### WORK ITEM
Reproduce the listing verbatim.

### DATA SHOWN

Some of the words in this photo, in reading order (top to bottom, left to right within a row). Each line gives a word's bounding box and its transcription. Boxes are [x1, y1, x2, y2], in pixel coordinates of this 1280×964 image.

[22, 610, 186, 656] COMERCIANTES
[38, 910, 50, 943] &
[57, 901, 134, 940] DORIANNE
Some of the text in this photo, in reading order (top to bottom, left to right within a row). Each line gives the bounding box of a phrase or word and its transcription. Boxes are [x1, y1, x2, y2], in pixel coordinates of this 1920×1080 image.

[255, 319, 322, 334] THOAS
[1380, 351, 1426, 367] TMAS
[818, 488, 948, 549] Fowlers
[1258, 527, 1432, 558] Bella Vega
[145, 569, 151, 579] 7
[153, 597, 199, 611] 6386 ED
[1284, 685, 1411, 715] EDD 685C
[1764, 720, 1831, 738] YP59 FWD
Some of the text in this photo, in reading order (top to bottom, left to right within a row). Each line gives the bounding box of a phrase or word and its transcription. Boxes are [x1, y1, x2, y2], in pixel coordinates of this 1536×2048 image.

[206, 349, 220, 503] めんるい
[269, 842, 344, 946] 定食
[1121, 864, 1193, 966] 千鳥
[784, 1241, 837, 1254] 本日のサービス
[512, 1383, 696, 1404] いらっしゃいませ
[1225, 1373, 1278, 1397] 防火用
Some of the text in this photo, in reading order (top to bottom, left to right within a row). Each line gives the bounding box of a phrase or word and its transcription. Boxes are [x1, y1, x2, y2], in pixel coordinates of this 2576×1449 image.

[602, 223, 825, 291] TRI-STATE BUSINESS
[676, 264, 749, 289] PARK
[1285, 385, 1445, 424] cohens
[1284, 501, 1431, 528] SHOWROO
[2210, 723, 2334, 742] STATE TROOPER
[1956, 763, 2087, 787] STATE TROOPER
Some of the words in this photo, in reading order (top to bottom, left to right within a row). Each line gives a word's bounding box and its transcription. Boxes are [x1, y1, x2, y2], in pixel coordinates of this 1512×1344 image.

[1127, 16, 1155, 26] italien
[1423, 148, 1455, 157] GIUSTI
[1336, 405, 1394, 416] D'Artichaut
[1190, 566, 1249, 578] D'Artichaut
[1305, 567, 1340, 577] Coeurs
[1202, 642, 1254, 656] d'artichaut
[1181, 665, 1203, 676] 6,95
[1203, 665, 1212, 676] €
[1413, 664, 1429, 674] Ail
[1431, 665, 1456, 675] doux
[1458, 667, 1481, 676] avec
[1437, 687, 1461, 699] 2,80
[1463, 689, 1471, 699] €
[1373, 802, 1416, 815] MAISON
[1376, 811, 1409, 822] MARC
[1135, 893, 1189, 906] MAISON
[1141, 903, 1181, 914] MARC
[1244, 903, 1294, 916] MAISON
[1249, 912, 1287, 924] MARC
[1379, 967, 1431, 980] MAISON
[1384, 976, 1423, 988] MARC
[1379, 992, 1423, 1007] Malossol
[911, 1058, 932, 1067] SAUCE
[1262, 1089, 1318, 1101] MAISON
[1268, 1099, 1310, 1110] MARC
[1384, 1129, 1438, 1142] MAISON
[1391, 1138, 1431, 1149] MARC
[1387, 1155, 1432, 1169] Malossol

### WRITTEN RESPONSE
Some of the words in this photo, in reading order (top to bottom, left to right within a row). Each line gives a word's bounding box and its transcription. Boxes are [x1, y1, x2, y2], in pixel coordinates of this 1280×964 image.

[22, 610, 186, 656] COMERCIANTES
[38, 910, 50, 943] &
[57, 901, 134, 940] DORIANNE
Some of the text in this photo, in reading order (top to bottom, left to right within a row). Each line gives the bounding box of a phrase or word and its transcription. Boxes are [x1, y1, x2, y2], in pixel coordinates of this 1920×1080 image.

[255, 319, 322, 334] THOAS
[1380, 351, 1426, 367] TMAS
[818, 488, 948, 549] Fowlers
[1258, 527, 1432, 558] Bella Vega
[145, 569, 151, 579] 7
[153, 597, 199, 611] 6386 ED
[1284, 685, 1411, 715] EDD 685C
[1764, 720, 1831, 738] YP59 FWD
Some of the text in this photo, in reading order (top to bottom, left to right within a row). Each line gives the bounding box of a phrase or word and its transcription. Boxes are [x1, y1, x2, y2], in pixel coordinates of this 1536×2048 image.

[206, 349, 220, 503] めんるい
[269, 842, 344, 946] 定食
[1121, 864, 1193, 966] 千鳥
[784, 1241, 837, 1254] 本日のサービス
[512, 1383, 696, 1404] いらっしゃいませ
[1225, 1373, 1278, 1397] 防火用
Some of the text in this photo, in reading order (top to bottom, left to right within a row). Each line gives the bounding box of a phrase or word and its transcription. Boxes are [x1, y1, x2, y2], in pixel coordinates of this 2576×1449 image.

[602, 223, 825, 291] TRI-STATE BUSINESS
[676, 264, 749, 289] PARK
[1285, 385, 1445, 424] cohens
[1284, 501, 1431, 528] SHOWROO
[2210, 723, 2334, 742] STATE TROOPER
[1956, 763, 2087, 787] STATE TROOPER
Some of the words in this photo, in reading order (top to bottom, left to right within a row). Each line gives a word's bounding box and its transcription. Boxes are [x1, y1, x2, y2], in pixel coordinates of this 1512×1344 image.

[1127, 16, 1155, 26] italien
[1423, 148, 1455, 157] GIUSTI
[1336, 405, 1394, 416] D'Artichaut
[1190, 566, 1249, 578] D'Artichaut
[1305, 567, 1340, 577] Coeurs
[1202, 642, 1254, 656] d'artichaut
[1181, 665, 1203, 676] 6,95
[1203, 665, 1212, 676] €
[1413, 664, 1429, 674] Ail
[1431, 665, 1456, 675] doux
[1458, 667, 1481, 676] avec
[1437, 687, 1461, 699] 2,80
[1463, 689, 1471, 699] €
[1373, 802, 1416, 815] MAISON
[1376, 811, 1409, 822] MARC
[1135, 893, 1189, 906] MAISON
[1141, 903, 1181, 914] MARC
[1244, 903, 1294, 916] MAISON
[1249, 912, 1287, 924] MARC
[1379, 967, 1431, 980] MAISON
[1384, 976, 1423, 988] MARC
[1379, 992, 1423, 1007] Malossol
[911, 1058, 932, 1067] SAUCE
[1262, 1089, 1318, 1101] MAISON
[1268, 1099, 1310, 1110] MARC
[1384, 1129, 1438, 1142] MAISON
[1391, 1138, 1431, 1149] MARC
[1387, 1155, 1432, 1169] Malossol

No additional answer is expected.